*** Opening Records for the exercise ***
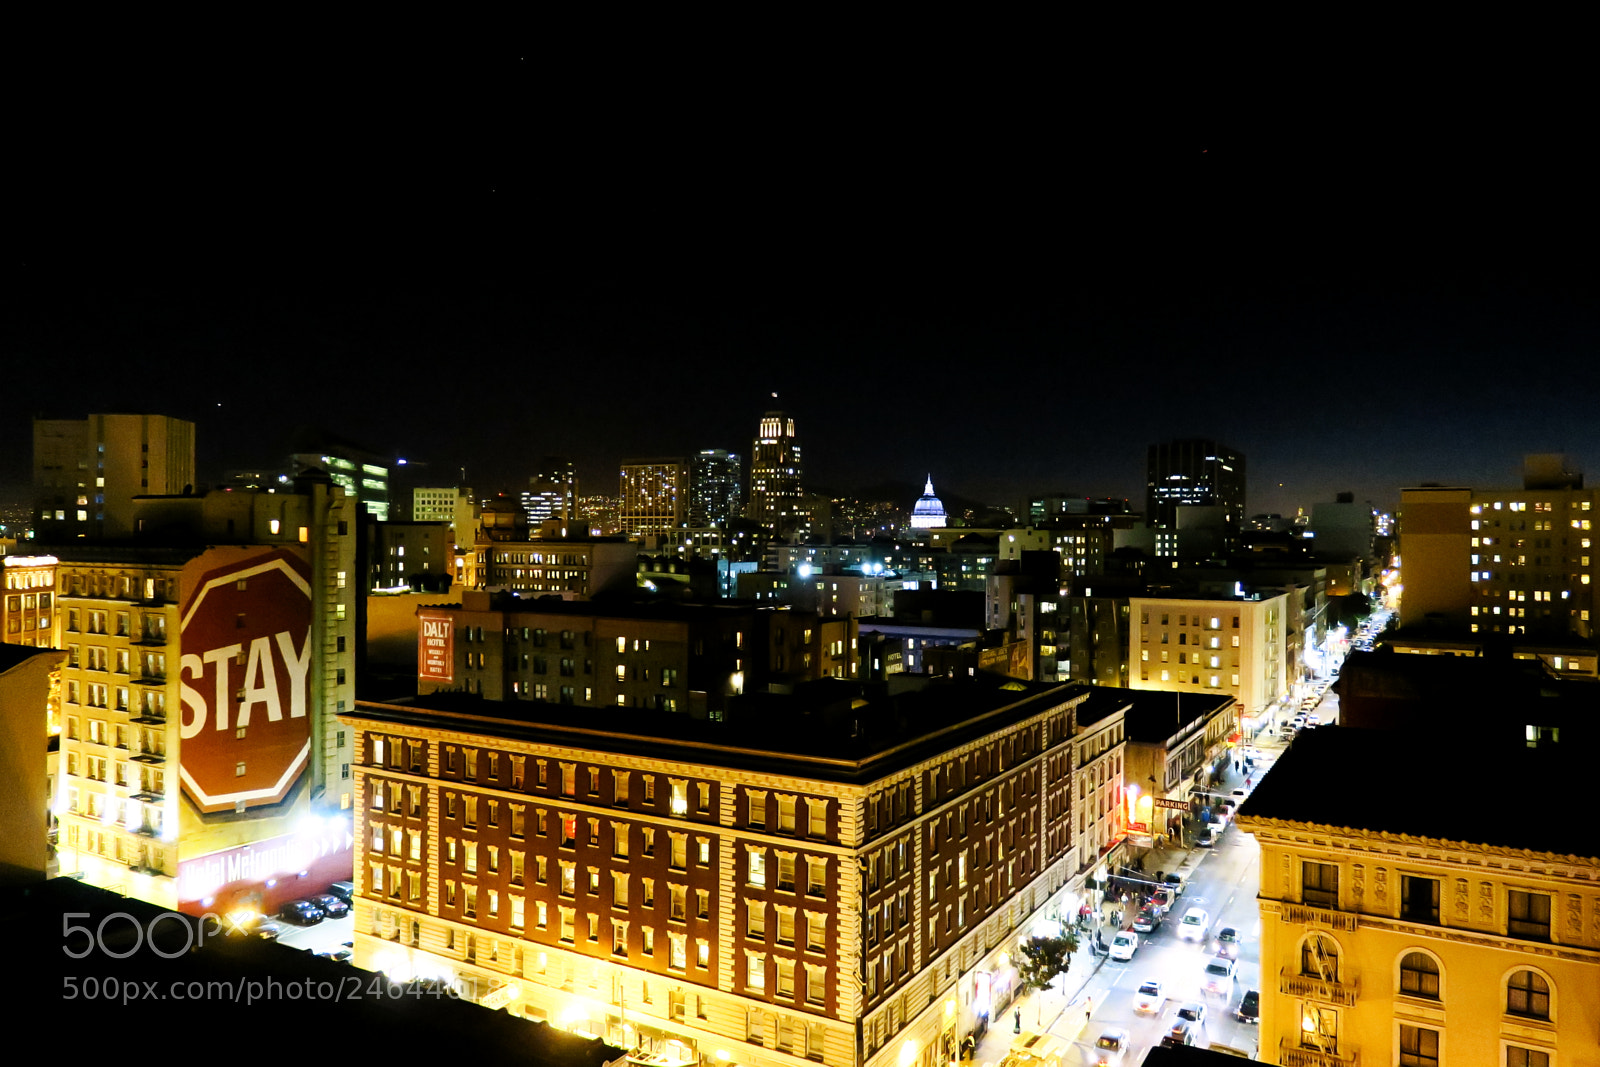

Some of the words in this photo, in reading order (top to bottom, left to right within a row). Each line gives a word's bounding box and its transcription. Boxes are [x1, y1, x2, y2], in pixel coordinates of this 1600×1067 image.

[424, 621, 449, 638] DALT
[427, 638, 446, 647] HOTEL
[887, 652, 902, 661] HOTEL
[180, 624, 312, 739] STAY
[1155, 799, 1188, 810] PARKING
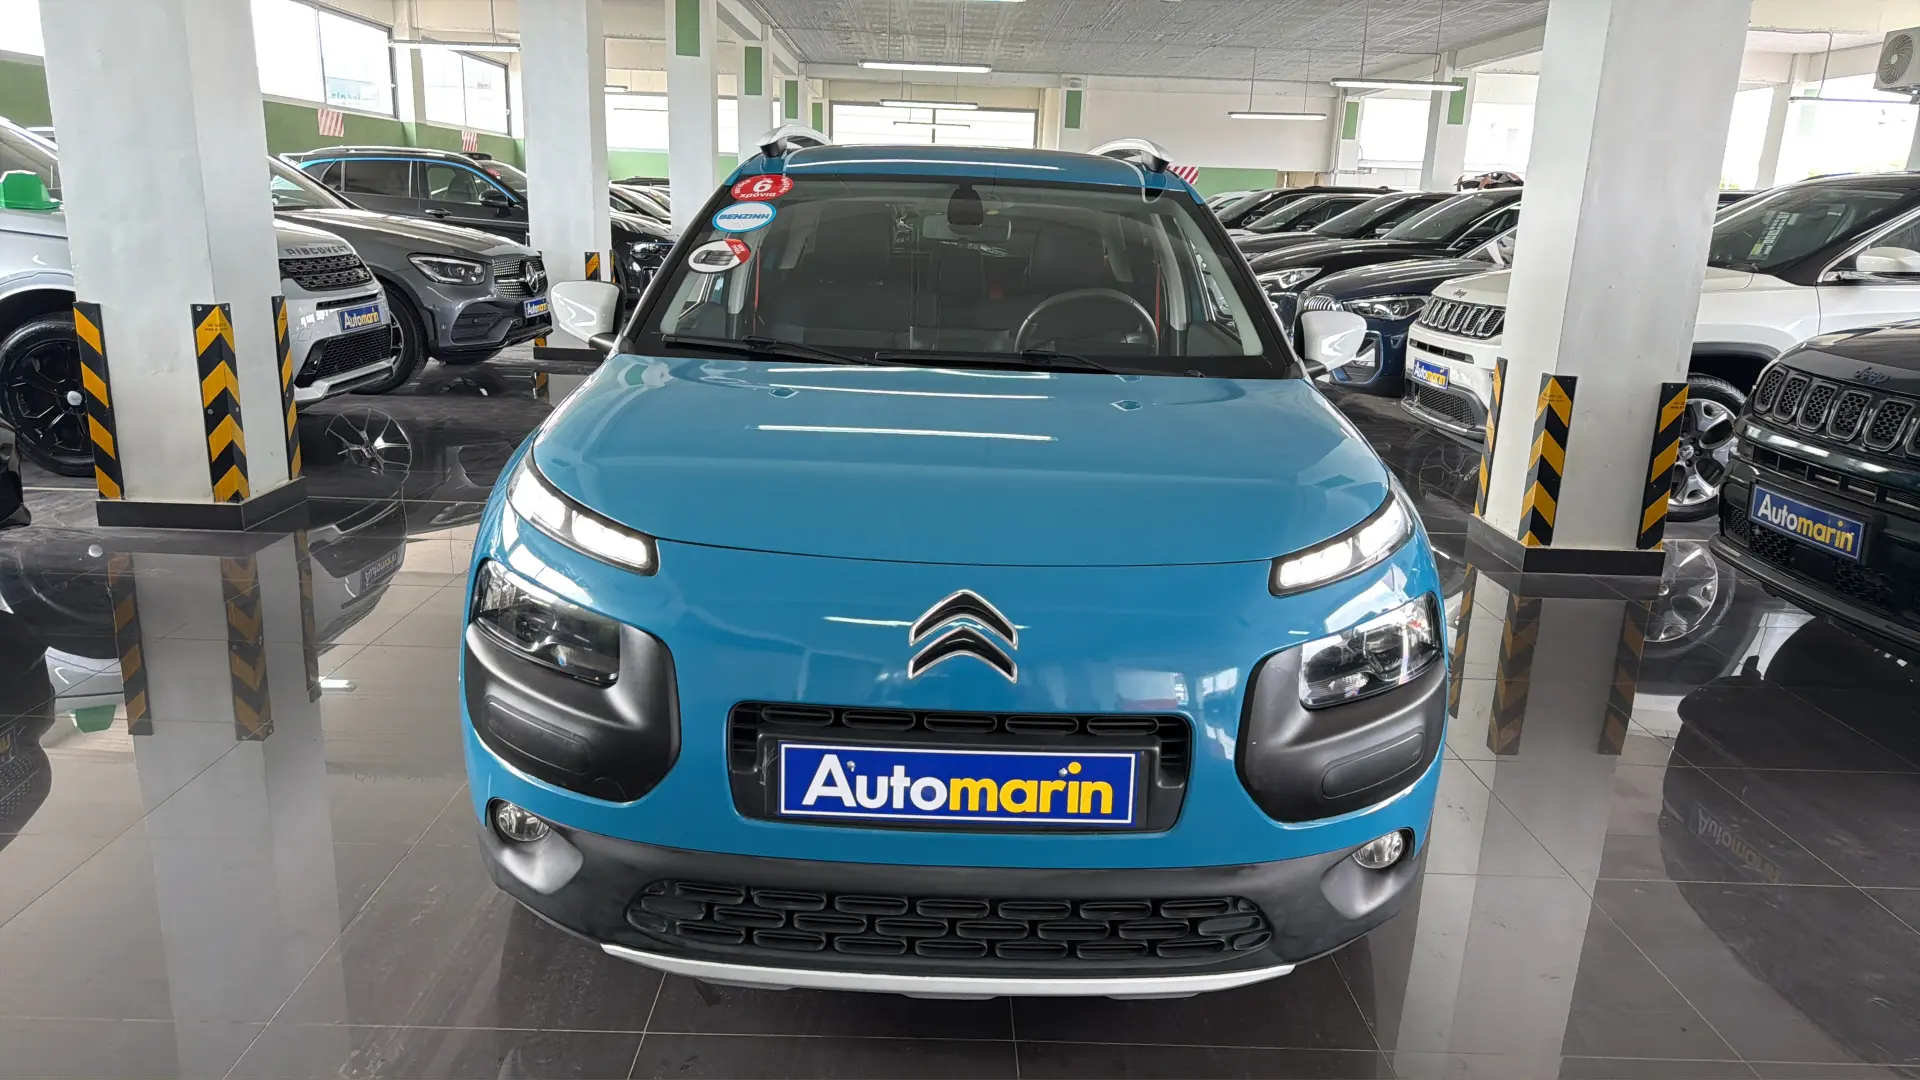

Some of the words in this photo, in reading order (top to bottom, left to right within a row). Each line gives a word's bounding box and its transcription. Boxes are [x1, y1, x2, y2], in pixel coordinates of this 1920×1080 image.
*** Closing Records for the exercise ***
Exercise objective -
The answer is the whole listing above, written out verbatim, without its pictures.

Solution -
Some of the words in this photo, in reading order (top to bottom, left to right within a row). Each line gives a word's bounding box and its transcription. Boxes are [x1, y1, x2, y2], in pixel coordinates of this 1600×1067 image.

[424, 621, 449, 638] DALT
[427, 638, 446, 647] HOTEL
[887, 652, 902, 661] HOTEL
[180, 624, 312, 739] STAY
[1155, 799, 1188, 810] PARKING

Some of the words in this photo, in reading order (top to bottom, left to right within a row). Each line gives a word's bounding box and its transcription. Boxes are [x1, y1, x2, y2], in pixel coordinates of this 1920×1080 image.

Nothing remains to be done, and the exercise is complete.